■ Task requirements: Copy the complete listing word for word, but do not carry over any images.

■ Records supplied:
*** Begin section ***
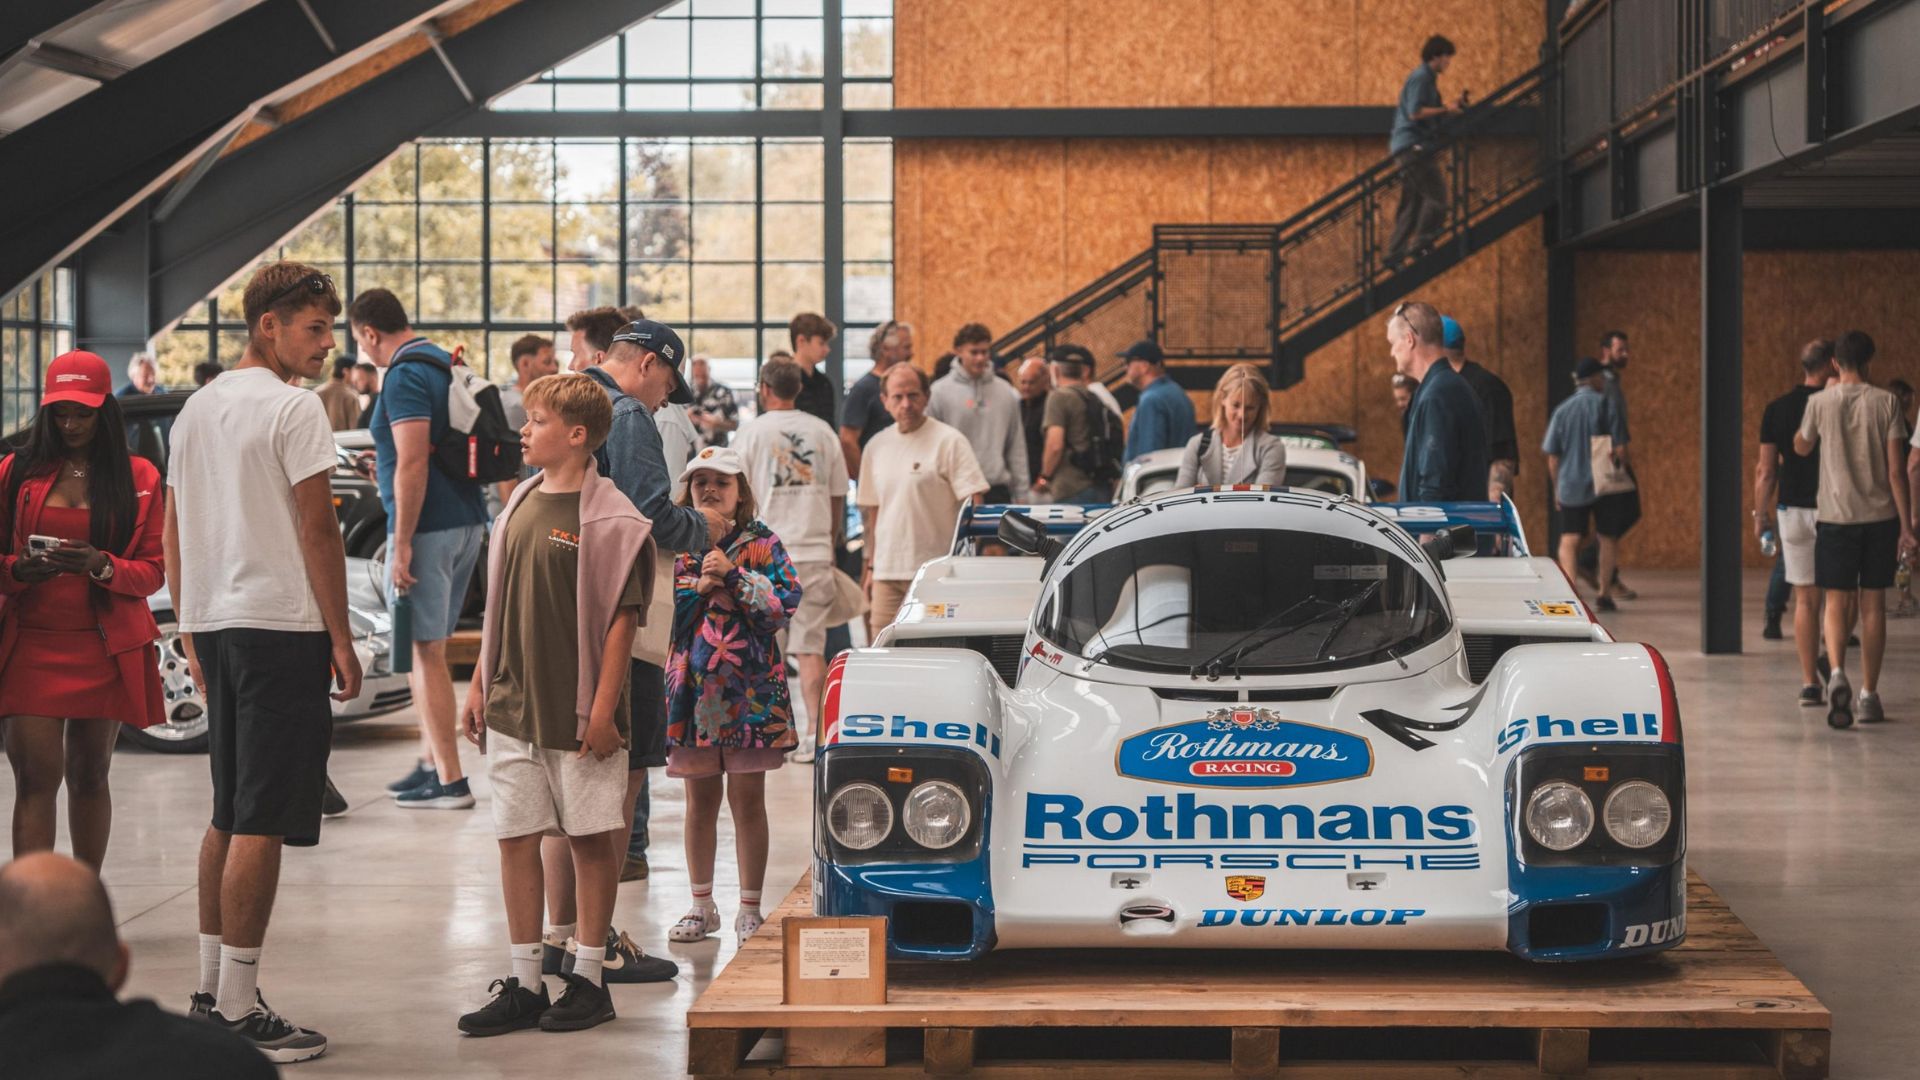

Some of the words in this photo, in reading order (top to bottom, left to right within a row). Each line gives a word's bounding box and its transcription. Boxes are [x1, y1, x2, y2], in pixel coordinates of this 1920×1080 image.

[1063, 493, 1424, 566] PORSCHE
[842, 714, 1000, 760] Shell
[1142, 732, 1348, 761] Rothmans
[1498, 713, 1658, 754] Shell
[1206, 763, 1281, 774] RACING
[1024, 792, 1477, 841] Rothmans
[1022, 853, 1480, 870] PORSCHE
[1196, 909, 1426, 927] DUNLOP
*** End section ***
■ Task result:
Some of the words in this photo, in reading order (top to bottom, left to right within a row). Each line gives a word's bounding box and its transcription. Boxes are [x1, y1, x2, y2], in pixel coordinates of this 1920×1080 image.

[1063, 493, 1424, 566] PORSCHE
[842, 714, 1000, 760] Shell
[1142, 732, 1348, 761] Rothmans
[1498, 713, 1658, 754] Shell
[1206, 763, 1281, 774] RACING
[1024, 792, 1477, 841] Rothmans
[1022, 853, 1480, 870] PORSCHE
[1196, 909, 1426, 927] DUNLOP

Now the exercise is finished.